Sabe-se há mais de meio século que os chamados fatores de risco coronariano devem ser identificados e enfrentados desde a mais tenra idade.
As chamadas clínicas de check-up tem proliferado, sem que se possa vislumbrar a oportunidade de que em termos de saúde pública a população que não tem acesso aos planos de saúde privados não fiquem à margem das informações básicas de saúde, e que possam com isso prevenir e/ou detectar precocemente as doenças do coração.
O tabagismo, a hipertensão arterial, o diabetes, os distúrbios das gorduras (colesterol e triglicerídios) e do ácido úrico, a obesidade, o sedentarismo, a história familiar de angina, infarto e morte súbita tem sido valorizados como fatores de risco.
“A vida se contrai e se expande proporcionalmente à coragem do indivíduo” (Anais Nin)
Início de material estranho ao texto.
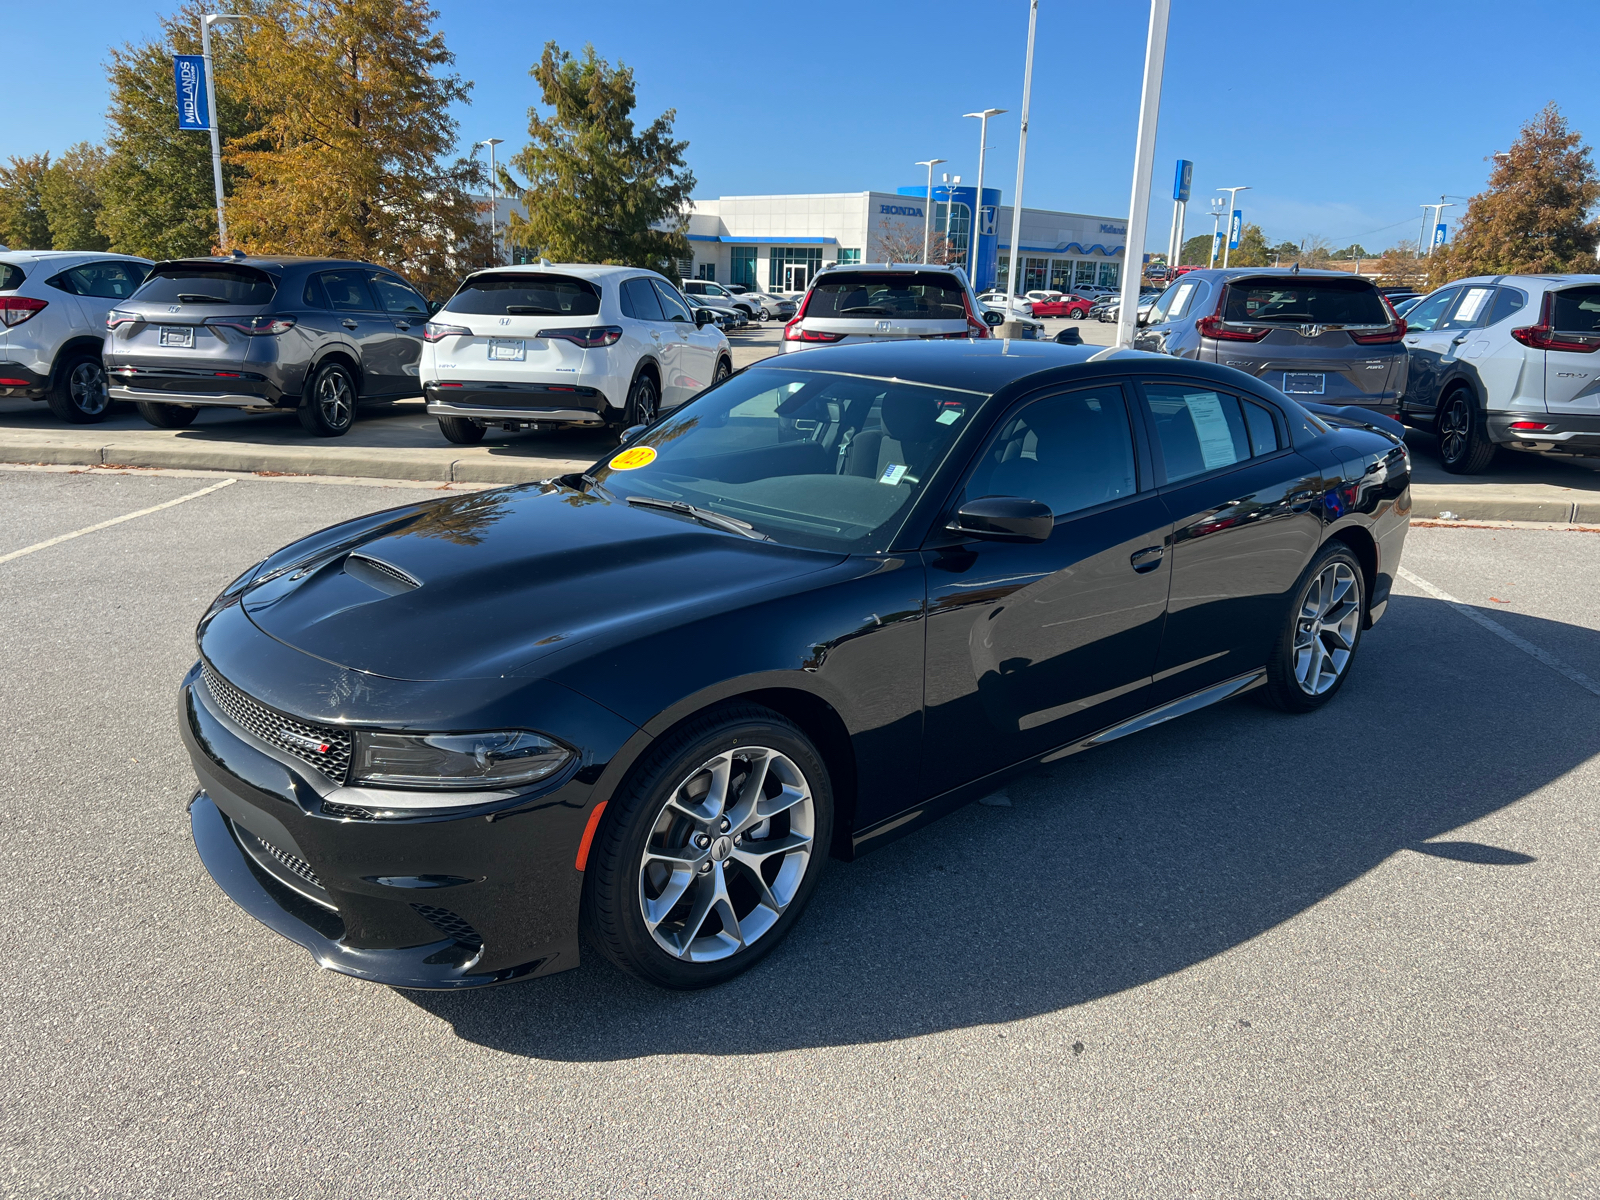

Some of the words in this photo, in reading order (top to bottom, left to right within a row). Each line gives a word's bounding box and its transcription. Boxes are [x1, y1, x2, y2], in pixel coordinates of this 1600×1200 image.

As verdades médicas e científicas seguem o princípio da relatividade, pois mesmo que sejamos extremamente exigentes ou exageradamente técnicos, existirão situações onde as dúvidas do limite físico, espiritual ou afetivo poderão levar o mais competente profissional à indução ao erro no diagnóstico e na conduta final.
O genial poeta Carlos Drummond de Andrade nos leva a reflexão no seu poema denominado VERDADE:
“A porta da verdade estava aberta
mas só deixava passar
meia pessoa de cada vez.
Assim não era possível atingir toda a verdade,
porque a meia pessoa que entrava
só trazia o perfil de meia verdade.
E sua segunda metade
voltava igualmente com meio perfil.
E os meios perfis não coincidiam.
Arrebentaram a porta. Derrubaram a porta.”
Chegaram ao lugar luminoso
onde a verdade esplendia seus fogos.
Era dividida em metades,
diferentes uma da outra.
Chegou-se a discutir qual metade mais bela.
Nenhuma das duas era totalmente bela.
E carecia optar. Cada um optou conforme
seu capricho, sua ilusão, sua miopia.”